AirbnbによるソーシャルペイメントサービスTiltの買収話に決着がついた。TechCrunchでは先月この件を報じていたが、ようやく全てが正式に決まったという確認がとれた。
私たちが入手した情報によれば、Tiltの投資家には1200万ドルが現金で支払われる。しかし、Airbnbが現金と株式で支払った従業員の引き留め費用を考えると、買収総額はさらに数千万ドル以上高くなる。CEOのJames Besharaを含め、サンフランシスコで勤務している社員の多くは会社に残るよう引き留められたが、それ以外の地域で働いている社員のほとんどは買収を機にTiltを去ることになった。
AirbnbはTiltの資産を取得し、今のところはアプリもそのまま運営していく予定だ。しかし情報筋の中には、買収額のほとんどが人材の引き留めに使われていたことから、これは企業ではなく人材の買収(acqui-hire)だという人もいる。

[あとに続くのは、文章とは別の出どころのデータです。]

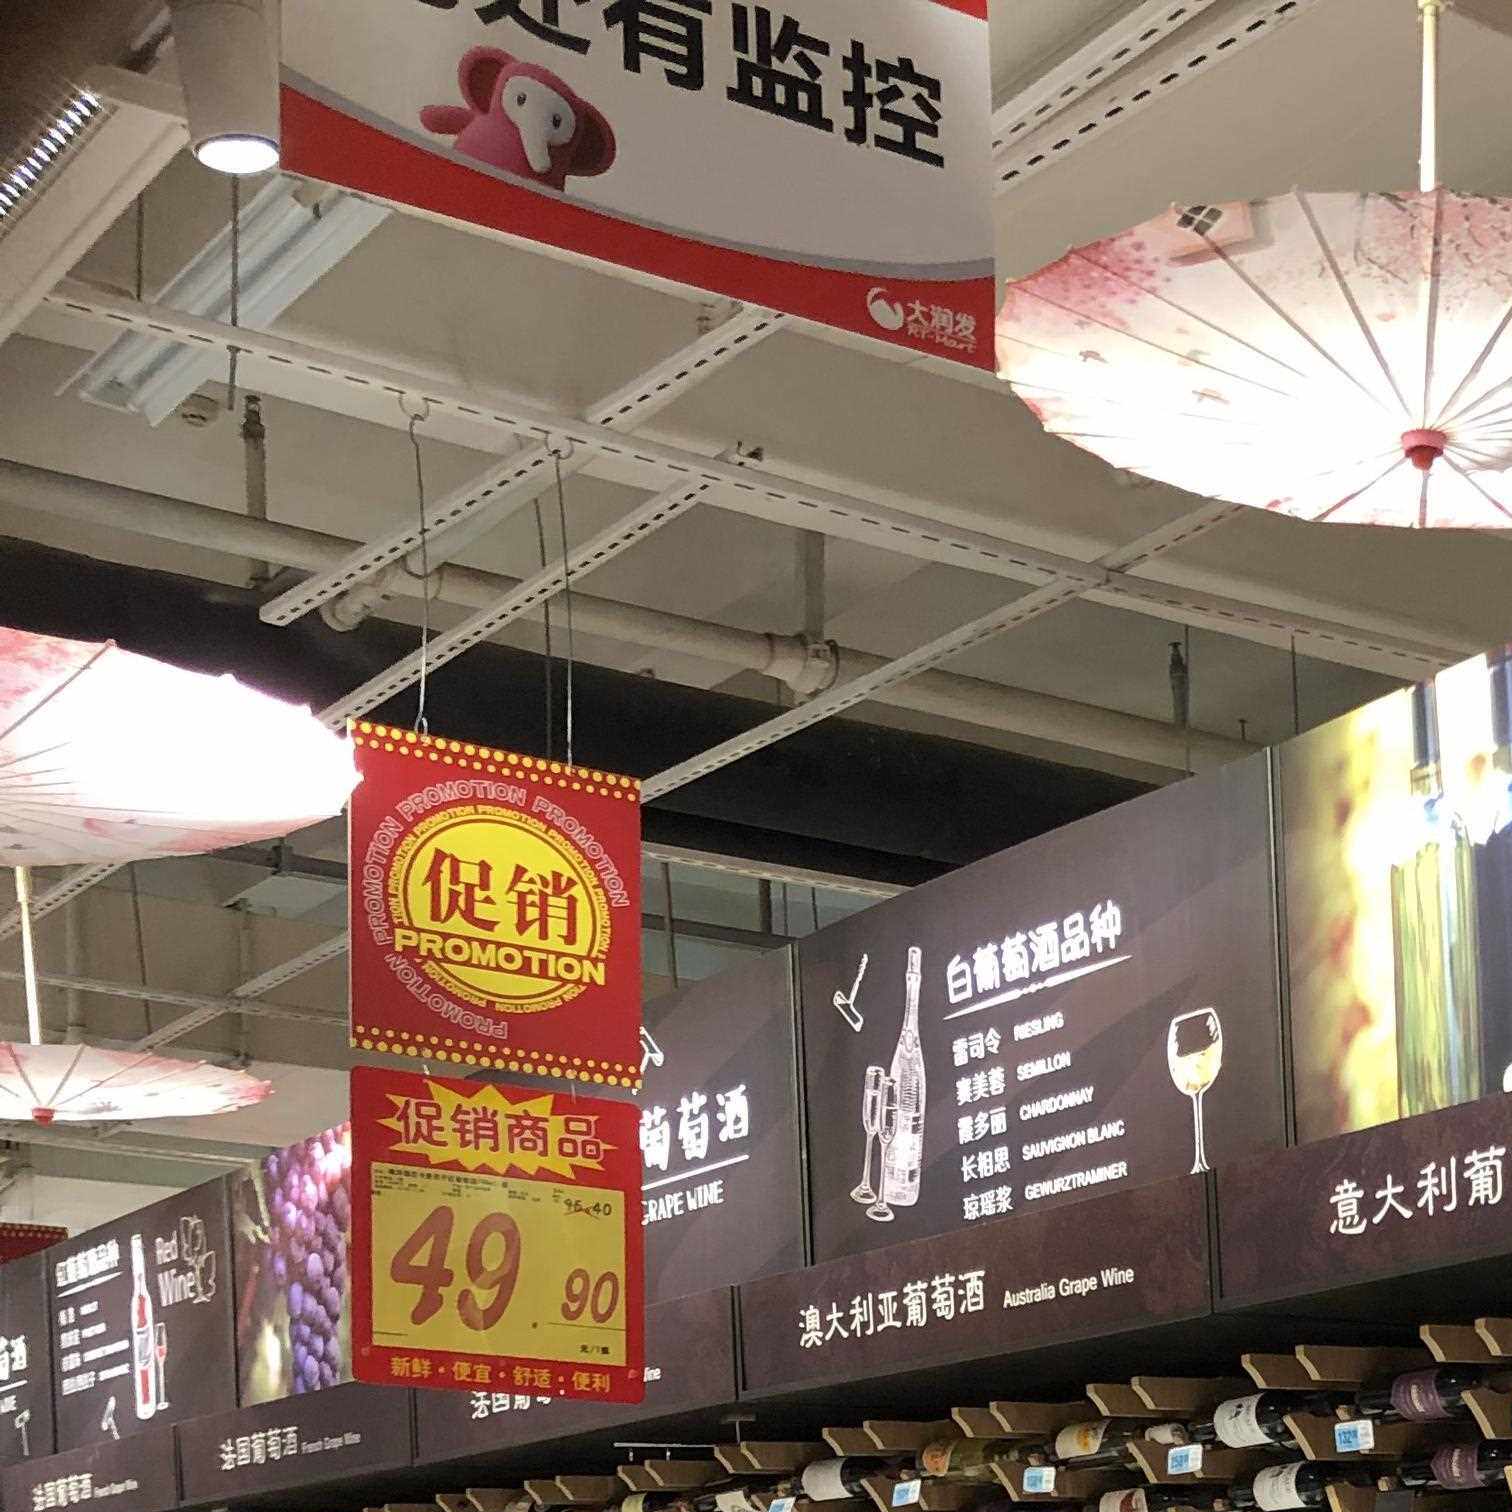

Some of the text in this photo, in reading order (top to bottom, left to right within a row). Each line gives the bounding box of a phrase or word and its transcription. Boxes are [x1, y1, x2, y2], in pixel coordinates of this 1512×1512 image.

サービスをシャットダウンしてしまうよりはマシとはいえ、これまでに6000万ドルもの資金をつぎこんできた投資家にとって、この結果は喜ばしいものではないだろう。Andreessen HorowitzやSV Angel、Reddit共同ファウンダーのAlexis Ohanianといったシリコンバレーのビッグネームは、Tiltがモバイルコマース市場のリーダーになると信じていたのだ。

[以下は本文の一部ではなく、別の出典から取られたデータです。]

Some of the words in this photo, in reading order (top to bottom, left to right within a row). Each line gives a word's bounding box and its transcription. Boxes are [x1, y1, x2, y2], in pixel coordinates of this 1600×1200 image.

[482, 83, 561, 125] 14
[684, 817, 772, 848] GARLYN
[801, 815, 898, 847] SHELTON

2012年に設立されたTiltは、ソーシャルペイメントの草分け的存在だ。同社は個人間の支払いよりもグループからの集金に重きをおいていたが、PayPal傘下のVenmoやSquare Cashとも共通点があり競合関係にあった。さらに何らかの「活動」から人を動かす「信念」まで、さまざまな目的のクラウドファンディングを行う場としても利用されているため、Tiltは急成長を続けるGoFundMeの代替サービスのような存在でもある。
そんなTiltを買収したAirbnbの動きには納得がいく。というのもの、同社は既に宿泊施設の貸し出しビジネスをある程度成長させ、次は旅行業に進出しようとしている。そして最近Airbnbは、旅行予約サービスとシナジーのありそうなペイメント業界の優秀な人材を集めているのだ。

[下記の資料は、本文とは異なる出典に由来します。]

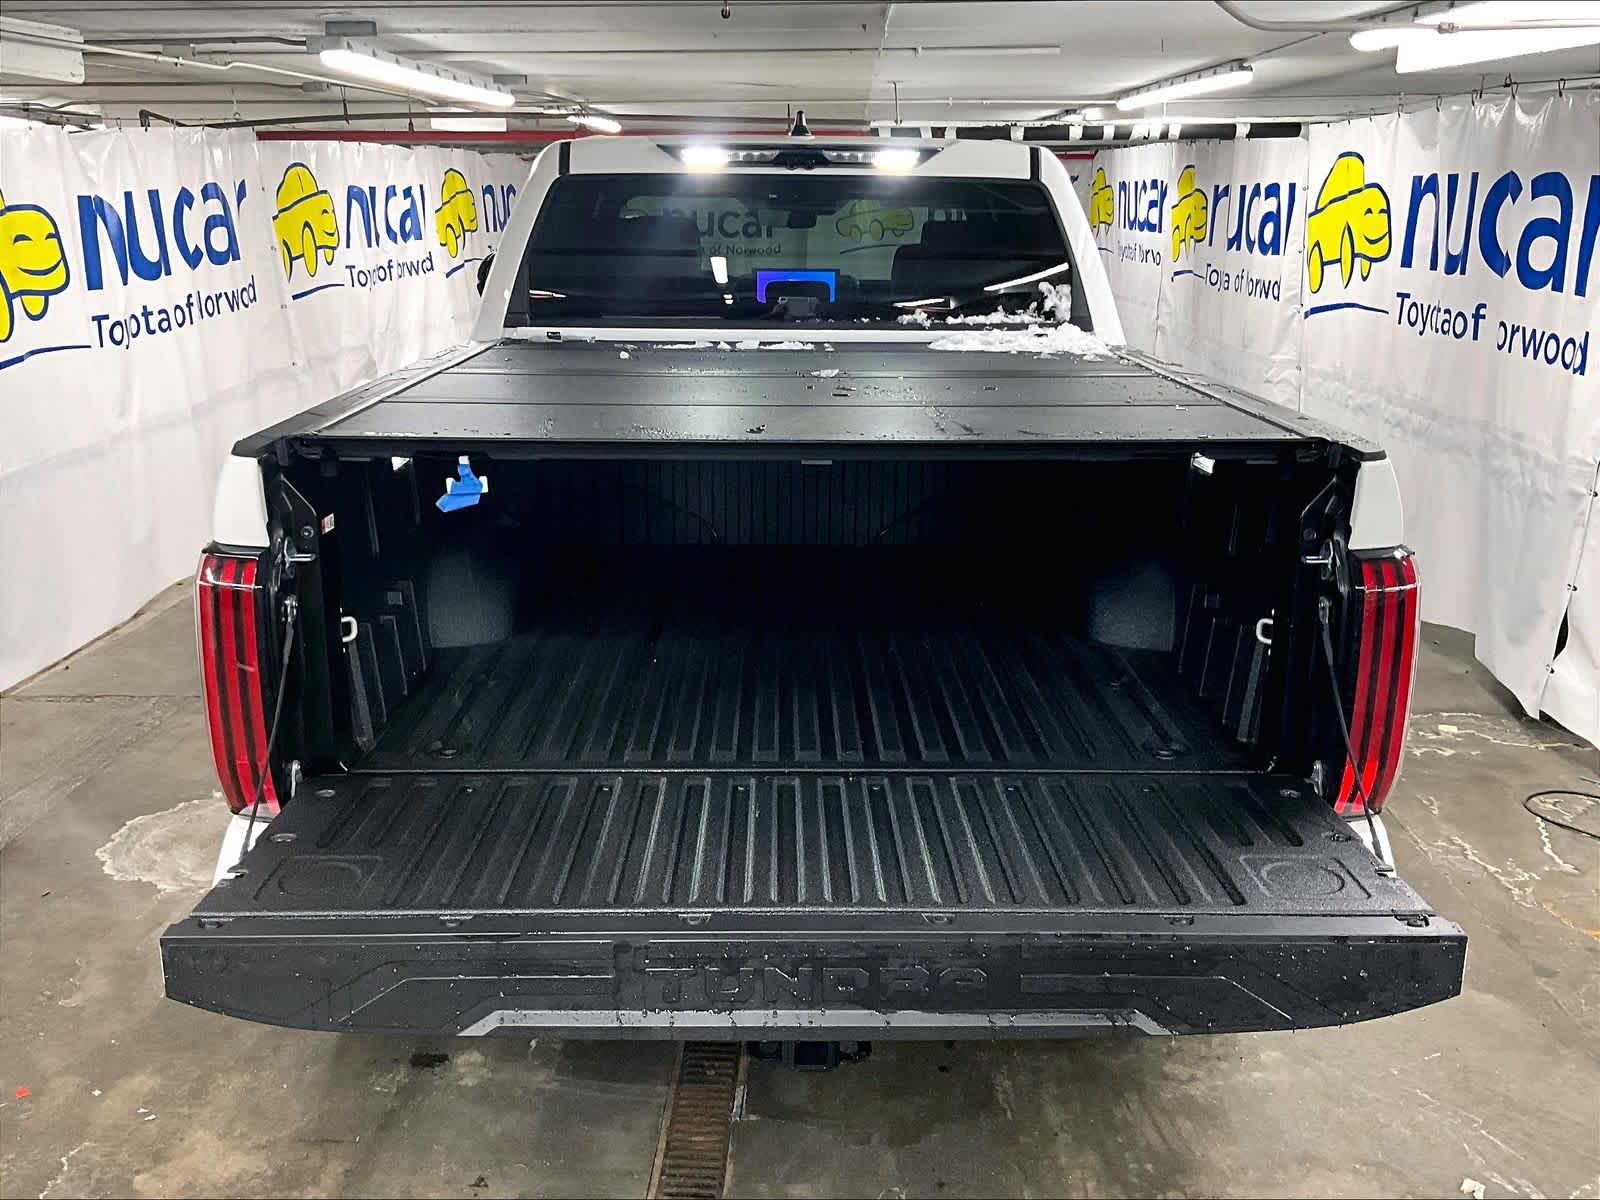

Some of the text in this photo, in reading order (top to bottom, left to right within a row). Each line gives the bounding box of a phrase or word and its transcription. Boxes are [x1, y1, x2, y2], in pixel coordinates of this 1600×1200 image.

[1117, 179, 1168, 234] nucar
[726, 243, 782, 256] Norwood
[174, 293, 194, 328] of
[1452, 303, 1488, 342] of
[1495, 320, 1590, 377] orwood

Airbnbでプロダクト担当ヴァイスプレジデントを務めるJoe Zadehは、声明の中で以下のように説明する。「AirbnbとTiltはどちらも、人と人を結びつけるようなコミュニティ重視のプロダクトをつくる、というビジョンを掲げています。さらにTiltのチームは、旅行のかたちを変えようとしている私たちの取り組みにぴったりと合うような経験や専門性を持っています。両社で力を合わせて、団体旅行を再定義し、宿泊先や旅行先でのアクティビティ、現地にいる人をつなげ合わせる新しいプラットフォーム『Trips』をつくりあげていきます」
300億ドルの評価額を誇るAirbnbは、その影響力を使って規模の小さなスタートアップの買収を進めている。最近ではLuxury Retreatsを買収し、昨年はChangeCoinやTrip4realを買収していた。さらに、同社はResyをはじめとする複数のスタートアップにも投資している。
Airbnb自体は恐らくどこかに買収されるには評価額が高すぎるため、IPOの可能性に関する噂が飛び交っている。最終的な目標としては同社も株式上場を考えているものの、どうやら今年中のIPOはなさそうだという話を私たちは聞いている。